Au Royaume-Uni, la police fait face à une enquête minutieuse pour son utilisation de la reconnaissance faciale en temps réel dans les espaces publics. En Chine, le gouvernement suit les membres de la minorité ouïgoure au moyen de technologies de balayage de visage.

Mais pour saisir l’ampleur et l’impact de ces systèmes, il faut aussi se pencher sur les pratiques courantes des utilisateurs du grand public qui appliquent de façon routinière le balayage et l’analyse faciaux, contribuant ainsi à l’érosion de la vie privée et à la hausse de la discrimination raciale et du racisme.

Enquête de PBS sur les problèmes de vie privée et de préjugés liés à la reconnaissance faciale.

En tant que chercheur sur les pratiques visuelles des médias mobiles et leur rapport historique avec les inégalités sociales, j’explore régulièrement en quoi les actions des utilisateurs peuvent établir ou changer les normes concernant des sujets comme la vie privée et l’identité. Dans ce contexte, l’adoption et l’utilisation de systèmes et de produits d’analyse faciale dans notre quotidien pourraient atteindre un point charnière dangereux.

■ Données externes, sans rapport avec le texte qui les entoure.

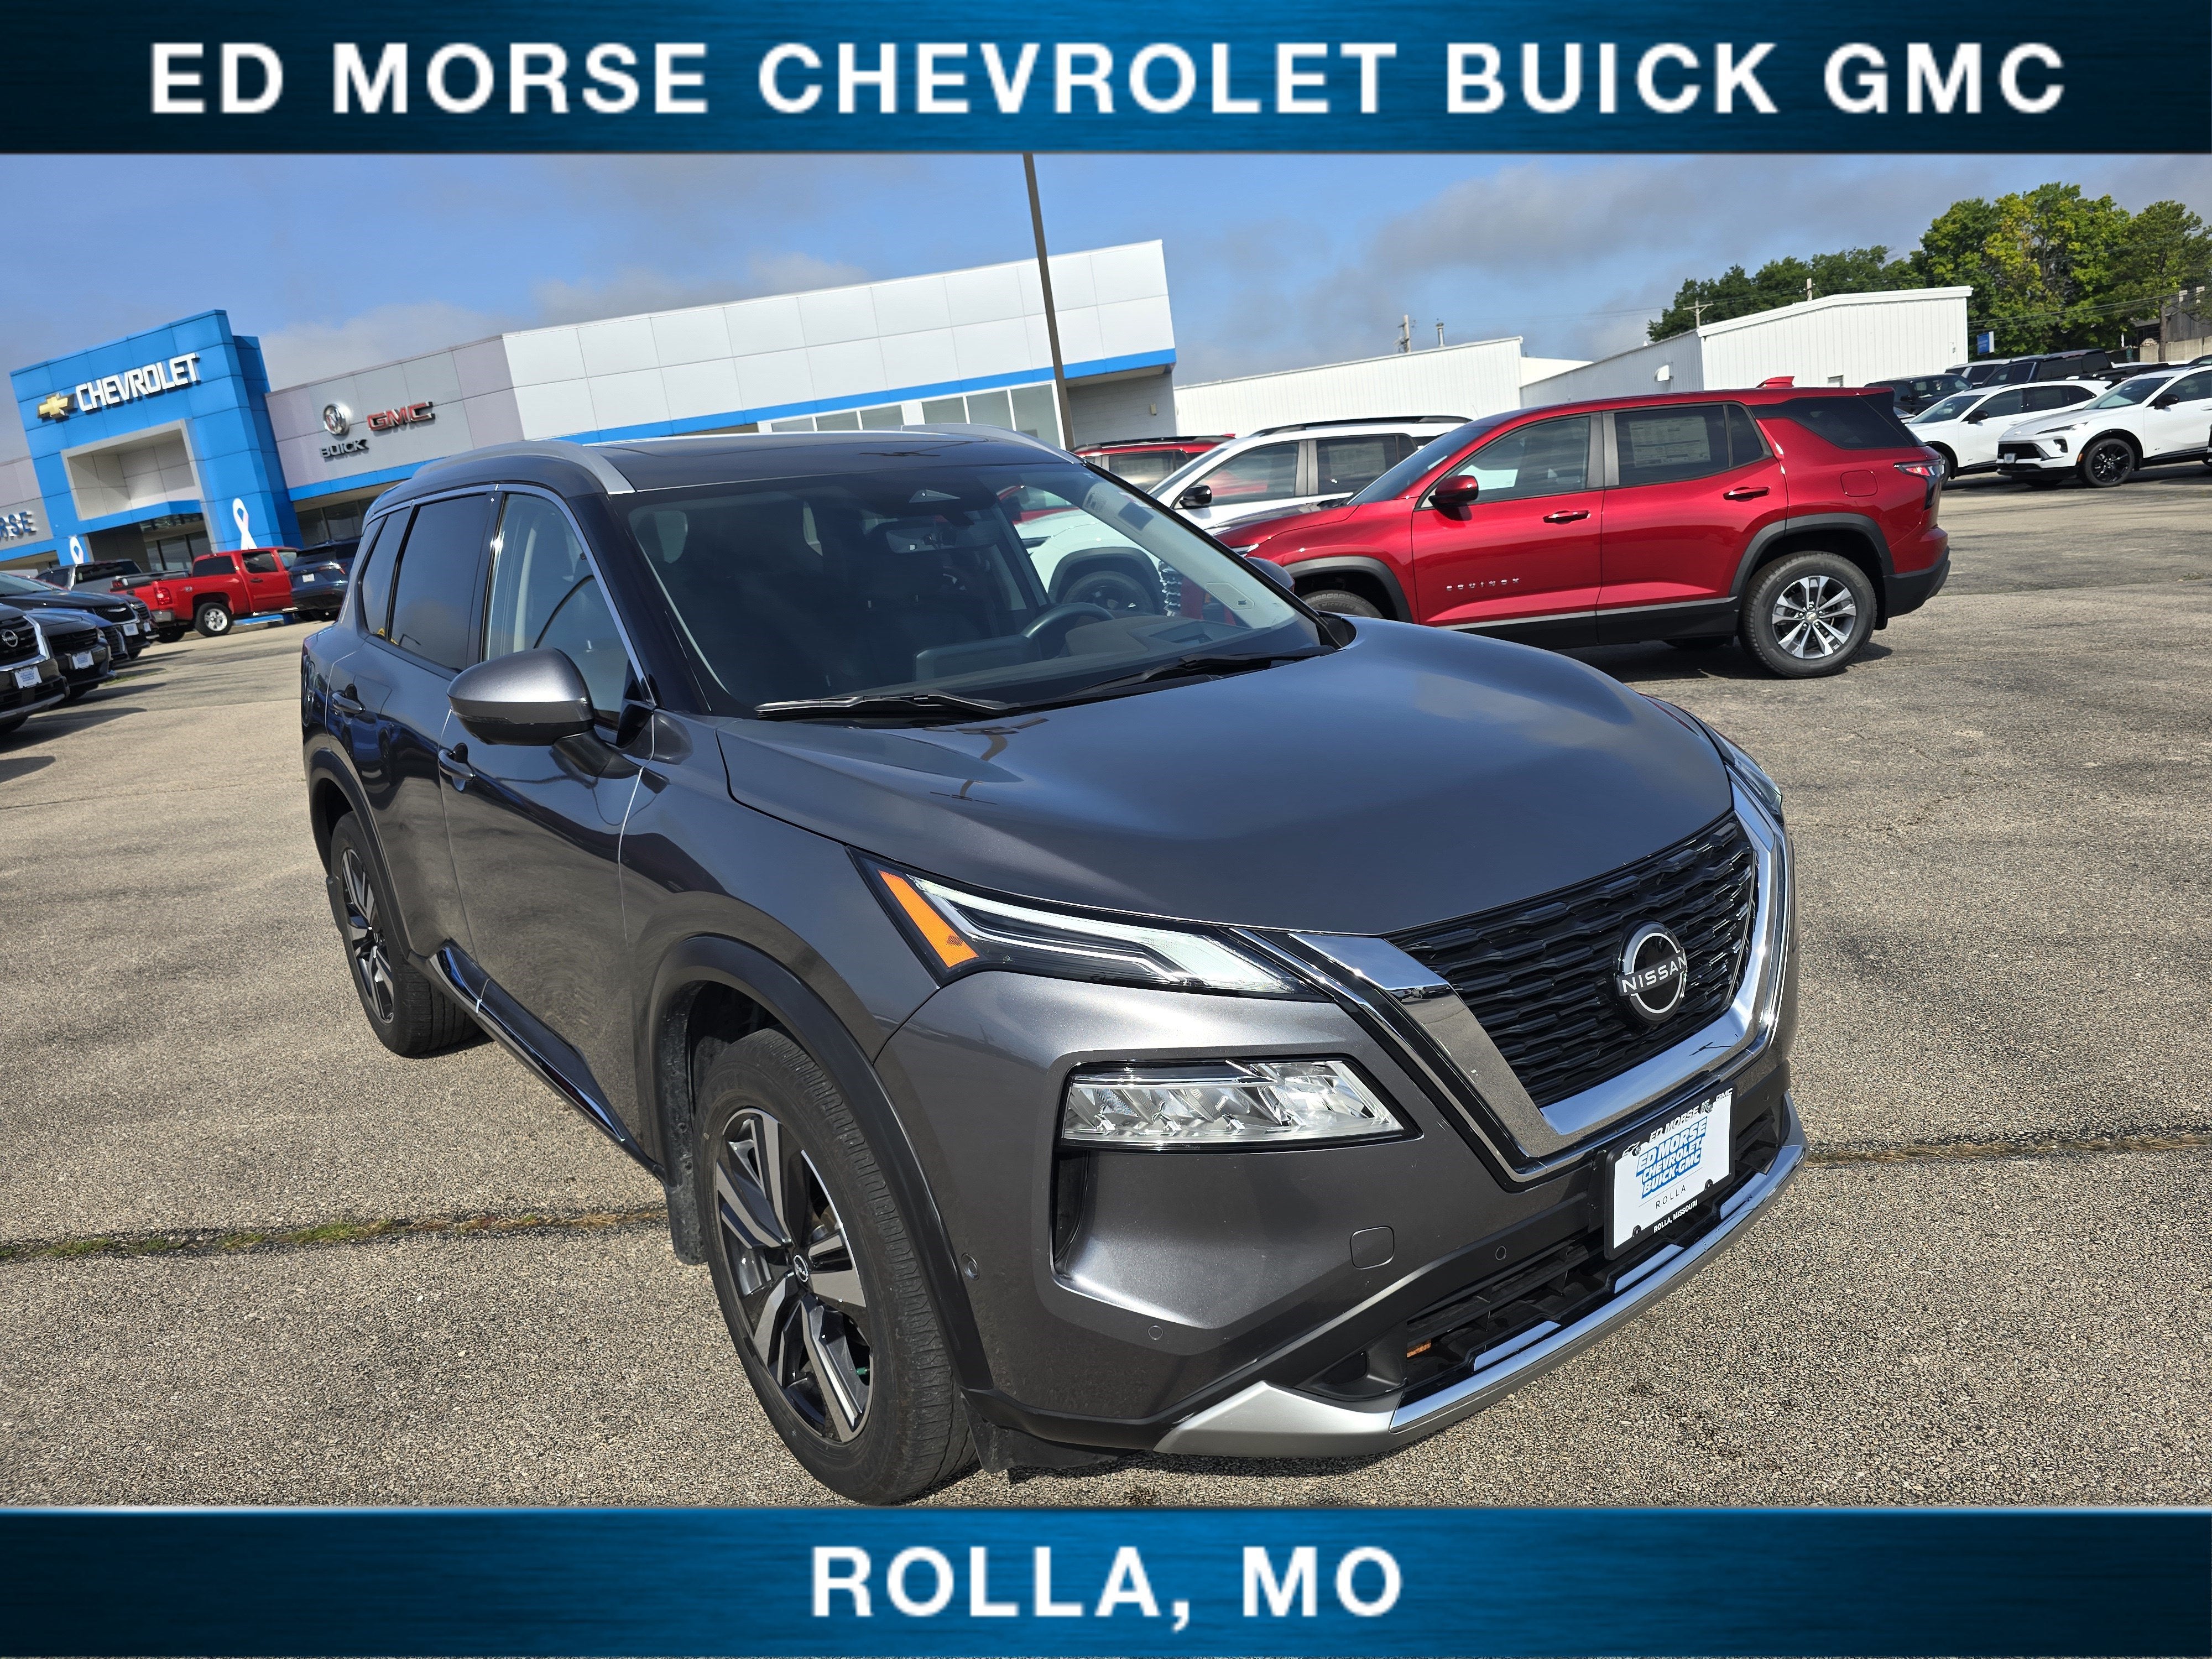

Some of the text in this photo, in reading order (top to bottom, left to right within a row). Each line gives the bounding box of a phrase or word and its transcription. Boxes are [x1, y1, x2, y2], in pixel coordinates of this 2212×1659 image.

Balayages faciaux quotidiens

Les algorithmes libres qui détectent les caractéristiques faciales rendent l’analyse ou la reconnaissance faciales facile à ajouter pour les développeurs d’applications. Nous utilisons déjà la reconnaissance faciale pour déverrouiller nos téléphones ou pour payer des biens. Les caméras vidéo intégrées aux téléphones intelligents utilisent la reconnaissance faciale pour identifier les visiteurs ainsi que personnaliser les affichages à l’écran et les rappels audio. La fonction de mise au point automatique des caméras de cellulaires inclut la détection et le suivi du visage, tandis que le stockage infonuagique des photos génère des albums et des diaporamas thématiques en trouvant et en regroupant les visages qu’il reconnaît dans les clichés que nous prenons.

L’analyse faciale est utilisée par de nombreuses applications, y compris les filtres et accessoires des médias sociaux qui produisent des effets comme le vieillissement artificiel ou l’animation des traits du visage. Les applications d’autoamélioration et de prévisions pour la beauté, l’horoscope ou la détection de l’ethnicité génèrent également des conseils et des conclusions en fonction de balayages faciaux.

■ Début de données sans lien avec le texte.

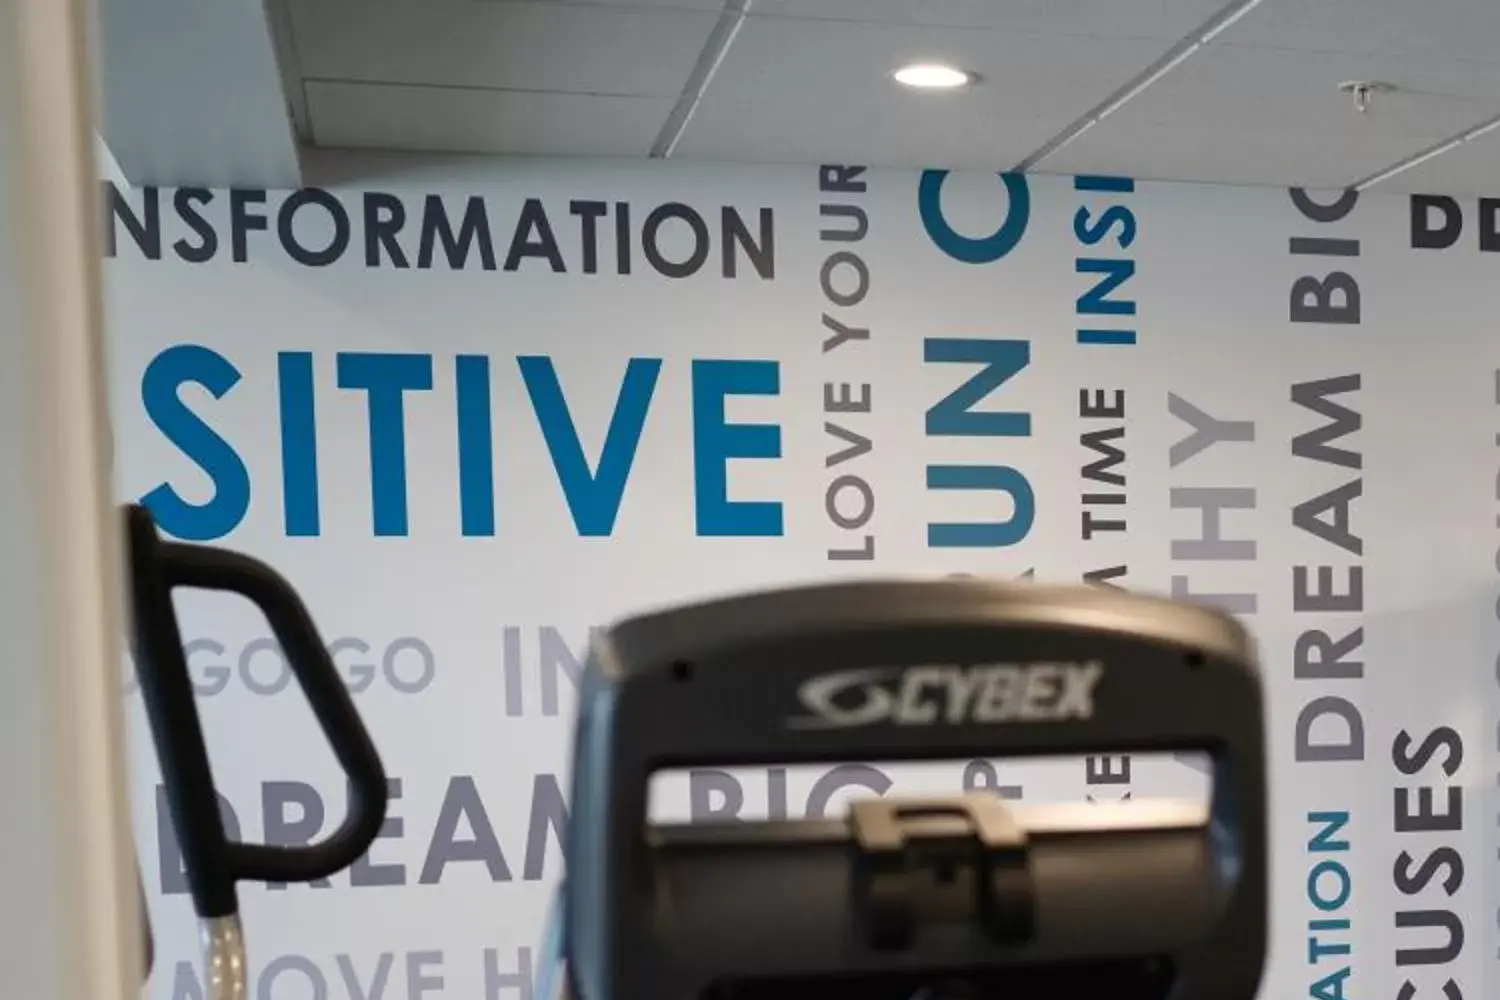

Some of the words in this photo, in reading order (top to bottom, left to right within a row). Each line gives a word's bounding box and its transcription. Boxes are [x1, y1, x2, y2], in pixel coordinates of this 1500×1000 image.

[101, 180, 775, 280] NSFORMATION
[819, 164, 870, 353] YOUR
[139, 344, 784, 541] SITIVE
[824, 383, 875, 560] LOVE
[924, 337, 1036, 582] UN
[1079, 388, 1127, 540] TIME
[1290, 373, 1365, 761] DREAM
[895, 659, 1104, 726] CYBEX
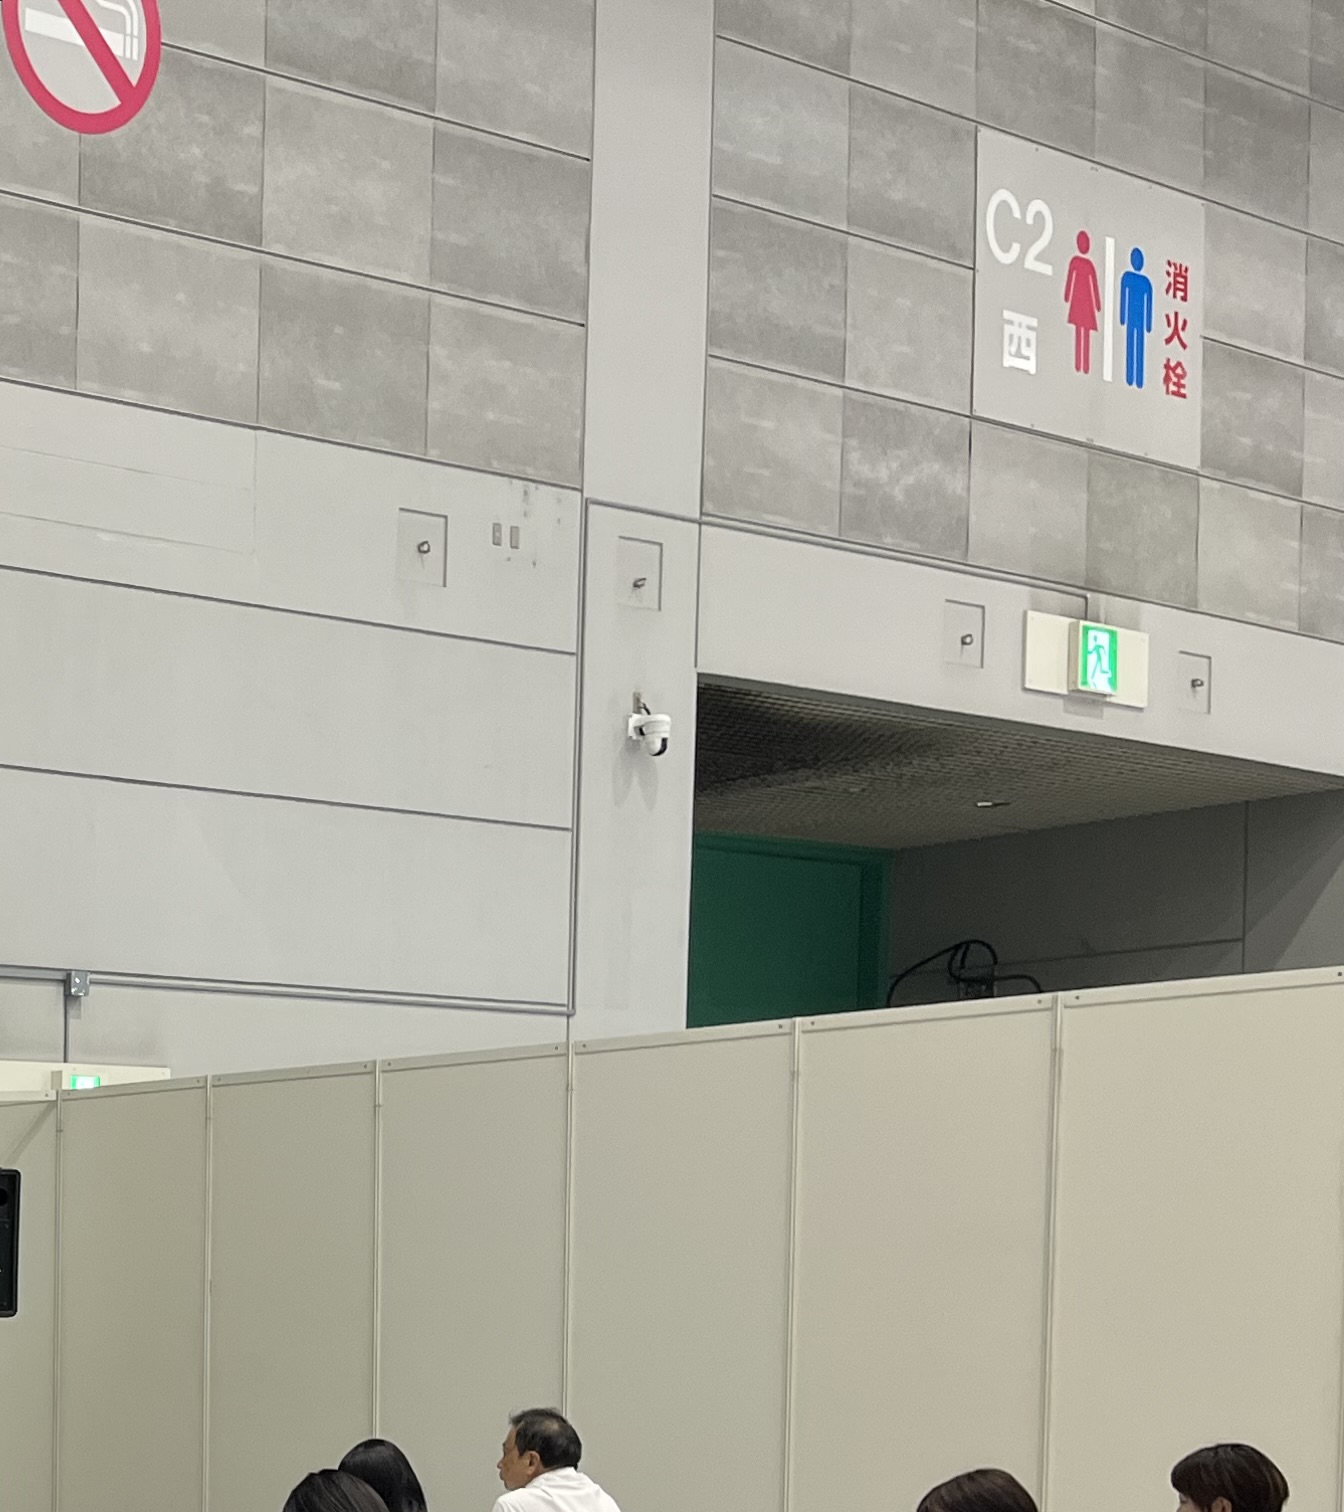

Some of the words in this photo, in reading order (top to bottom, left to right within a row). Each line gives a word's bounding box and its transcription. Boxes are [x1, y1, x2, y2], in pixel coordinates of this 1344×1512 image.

[986, 188, 1053, 276] C2
[1002, 309, 1038, 375] 西
[1163, 260, 1189, 399] 消火栓

Mais l’utilisation des systèmes d’analyse faciale pour l’horoscope, les égoportraits ou l’identification de personnes peut avoir des répercussions sociétales à long terme : elle peut en effet faciliter une surveillance et un suivi à grande échelle tout en maintenant les inégalités sociales systémiques.

Risques potentiels

Lorsqu’elles sont répétées dans le temps, ces utilisations, caractérisées par un faible risque et une gratification instantanée, peuvent nous habituer de façon plus générale au balayage facial, ouvrant la porte à des systèmes plus vastes appliqués dans différents contextes. Or, nous n’avons aucun contrôle – et très peu d’information – sur les personnes qui dirigent ces systèmes et sur la façon dont les données sont utilisées.

Si nous soumettons déjà notre visage à un examen automatisé, non seulement avec notre consentement, mais en plus avec notre participation active, il ne nous semblera pas particulièrement intrusif d’être assujettis à des balayages et analyses semblables lorsque nous nous déplaçons dans des espaces publics ou que nous accédons à des services.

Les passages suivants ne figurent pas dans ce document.